Once you see it laid out, the case for combining operator-level controls with DNS filtering becomes easier to make. The two categories cover each other's gaps. App-store tools sit uncomfortably in the middle: doing a bit of everything, doing none of it as well as the infrastructure-level alternatives.

What I'm actually doing

After working through the options, the plan I've landed on has two layers.

The first is moving my daughter from the anonymous pay-as-you-go SIM she's been using (a regular Orange Mobicarte I picked up separately) onto the Orange Série Spéciale SaferPhone plan, with the Protection Enfant pack installed on her phone and her tablet. The plan is €9.99 a month, or €5.99 if you're already an Orange internet customer for your home Livebox, which I am. There's an €8 monthly rebate available for under-eighteens with a copy of her ID, which brings the effective cost down to something like two euros. She keeps her existing number through a migration rather than a port.

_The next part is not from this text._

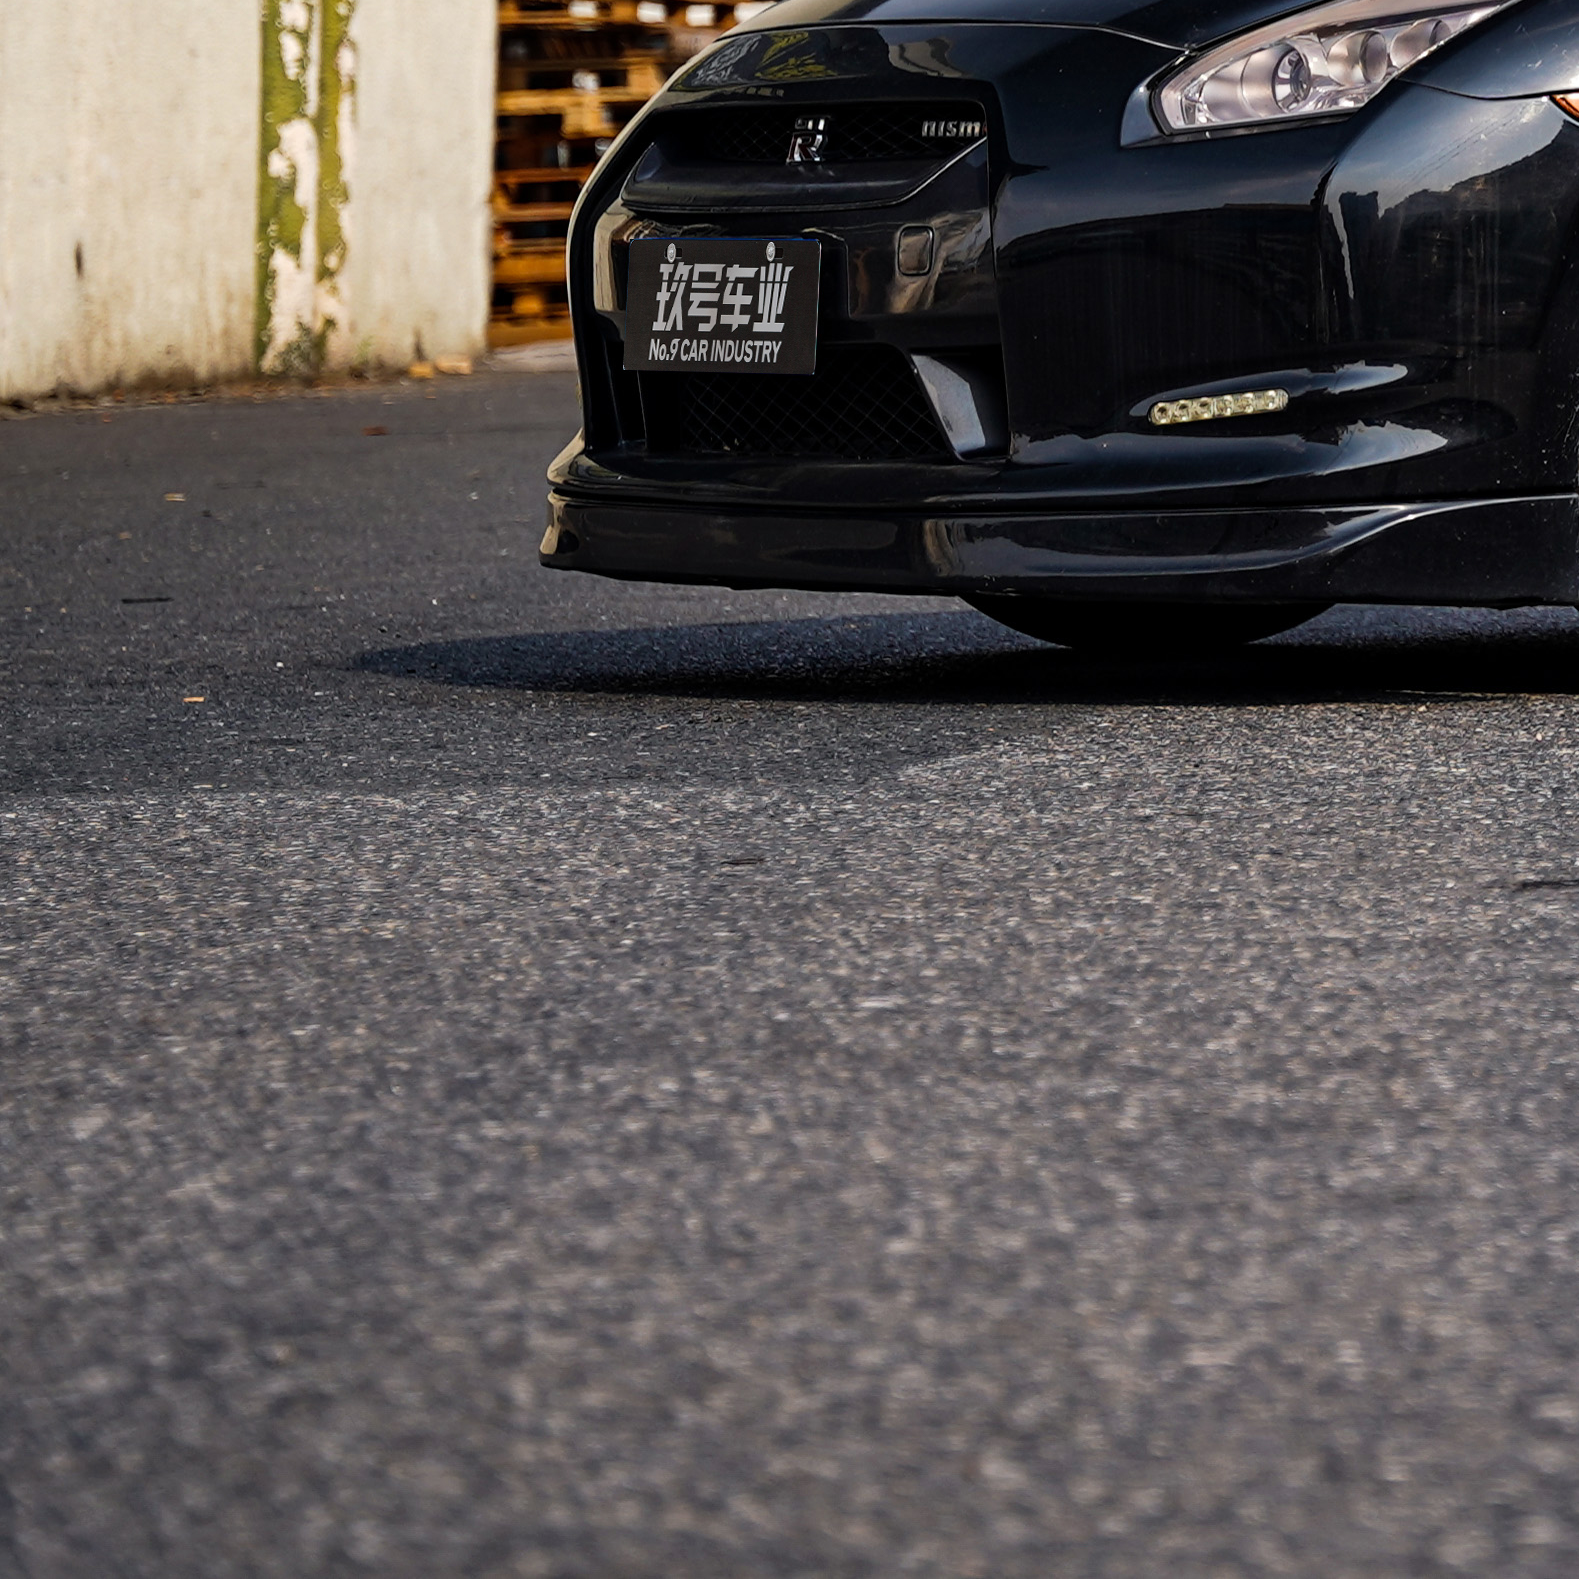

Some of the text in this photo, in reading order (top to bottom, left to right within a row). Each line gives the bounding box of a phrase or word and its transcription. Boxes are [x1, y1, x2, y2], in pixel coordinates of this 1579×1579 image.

The Protection Enfant pack covers the things the app-store options were patching together imperfectly. App blocking (including TikTok specifically). Screen time management by day and time slot. The ability to cut internet access on both Wi-Fi and mobile data from my phone. Content filtering. Geolocation. It works across up to three devices, so her phone and tablet are both covered.

The important structural point is that the contract is in my name, the controls are managed from my phone with a PIN she can't override, and turning fourteen or fifteen doesn't change anything. There's no age-based opt-out built in. The tool belongs to the account-holder.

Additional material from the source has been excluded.